Hacker News new | ask | show | jobs
by goatlover 1286 days ago
Mammals, reptiles and amphibians existed back then as well, as did a variety of plants. Uninhabitable sounds like most of the Earth turns into Venus, which won't happen. The current ecosystem will undergo change as some species adapt and thrive while others go extinct, migrate or are confined to smaller areas.

What this looks like for civilization and to what extent humans can mitigate is debatable.

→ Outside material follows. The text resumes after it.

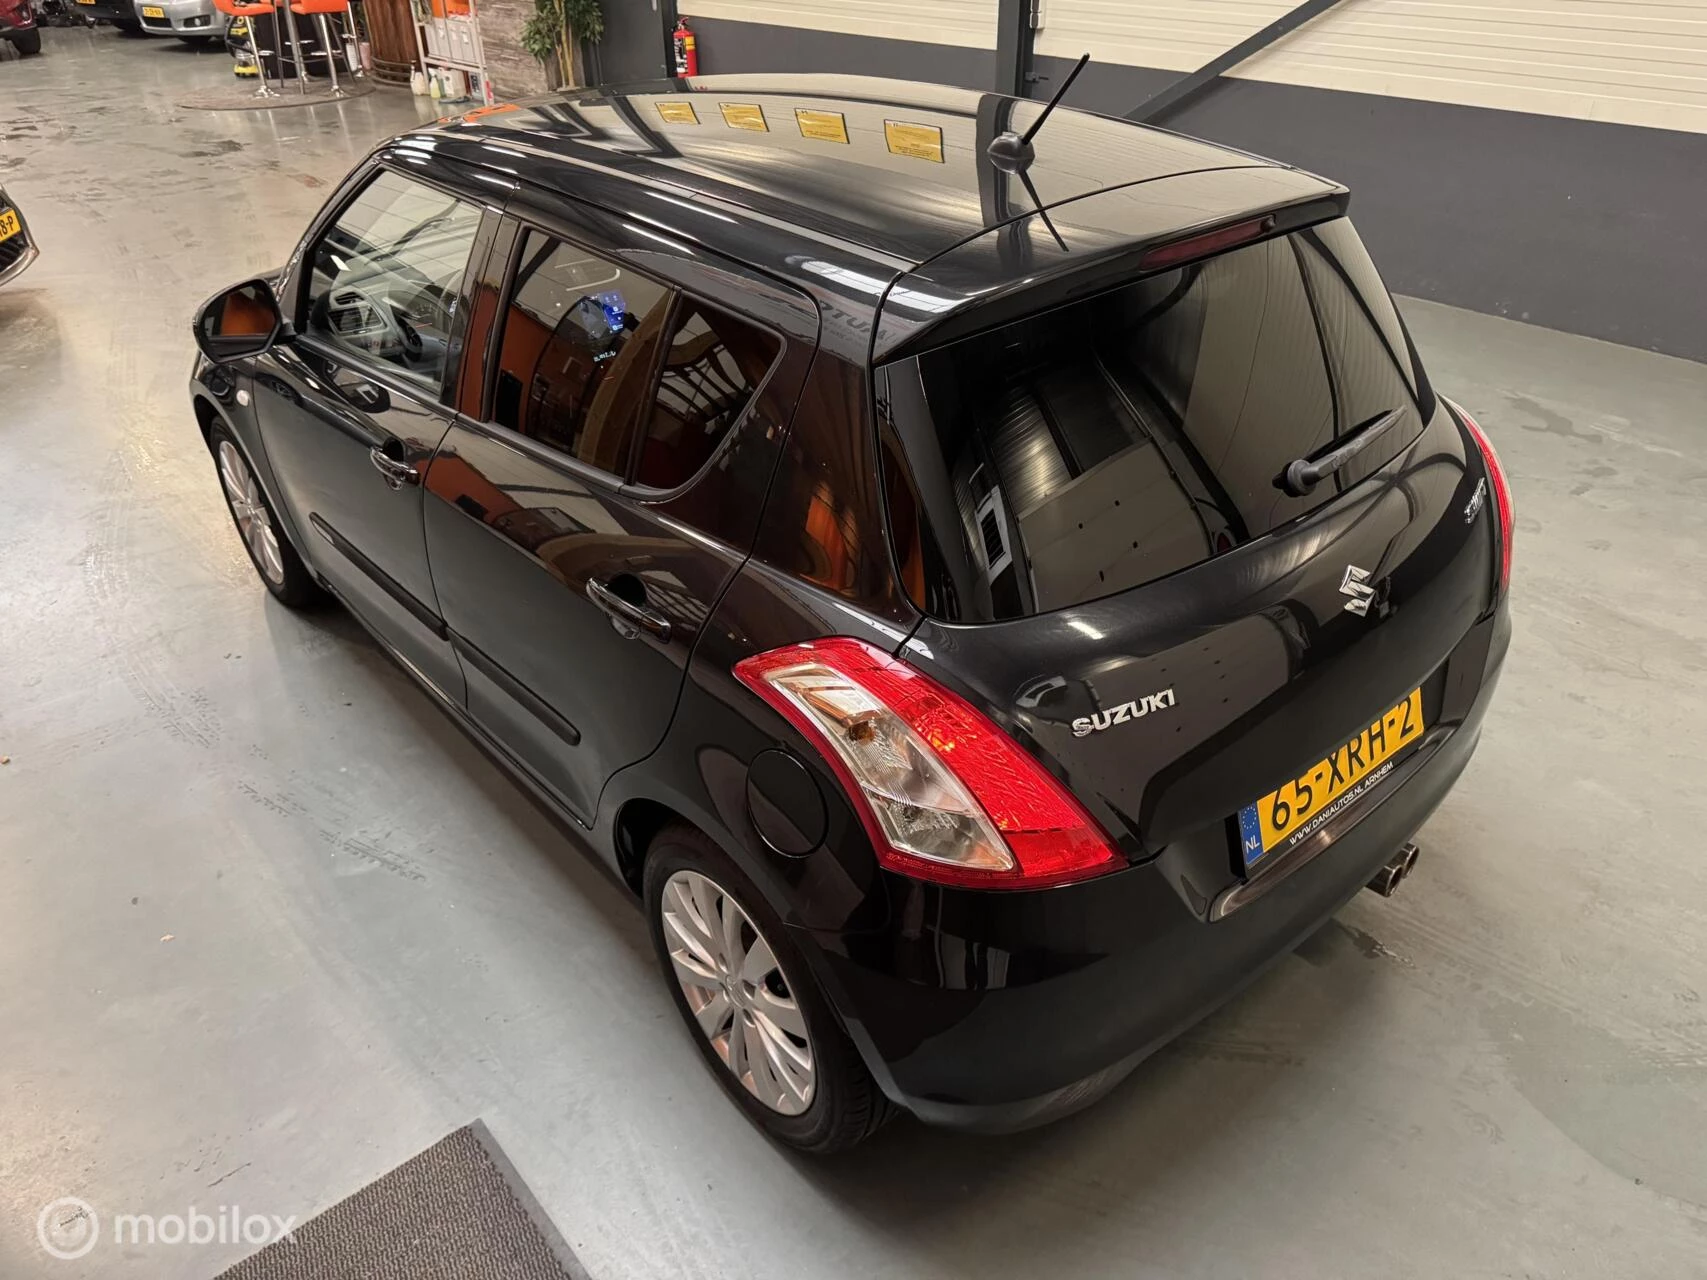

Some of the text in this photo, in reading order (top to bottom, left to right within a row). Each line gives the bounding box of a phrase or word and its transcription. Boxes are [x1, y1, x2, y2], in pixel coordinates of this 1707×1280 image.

Climate models aren't civilization models.

2 comments

There's way too many options to put into even a book, let alone this message[0], but here are some things to consider:

• Burning all the known fossil fuels is more than enough to raise CO2 to the level necessary to severely impact (>25% slowdown) human cognition

• Although plants like CO2, they are often limited by other things instead

• Although we can build personal air supplies for us and greenhouses for plants to optimise each, this is more expensive than not causing the damage in the first place, so not doing the latter implies we will not do the former either

• We've messed up local environments more than once, and observed mass migrations as a result; while I'm fine with migrants and confused by those who aren't, I don't let my utopian ideals blind me to the political reality that this will end badly for many innocent people

• Quite a lot of property and infrastructure at low elevation and near the coast, combined with a significant risk that the threshold for total loss of various major ice sheets[1] is less than or equal to 4 C

[0] written 3h into a post flight cancellation queue for making it the airline's problem that I have work 2000 miles away in 5.5 hours and all the alternative flights they offer are booked out until a week tomorrow, so I apologise for anything weird in this comment

[1] I want to say Greenland, but I don't trust myself in this sleep-deprived state

Climate models might not be civilisation models, but climate has a very large role in the disruption of civilisation models, look at the Sumerians for evidence of climate/regional degradation and the impact that had on their civilisation. And mitigation is only one part of it, when shortages start, it's not just the climate you have to deal with, it's the humans, who are arguably far more vicious and erratic than any weather or climate.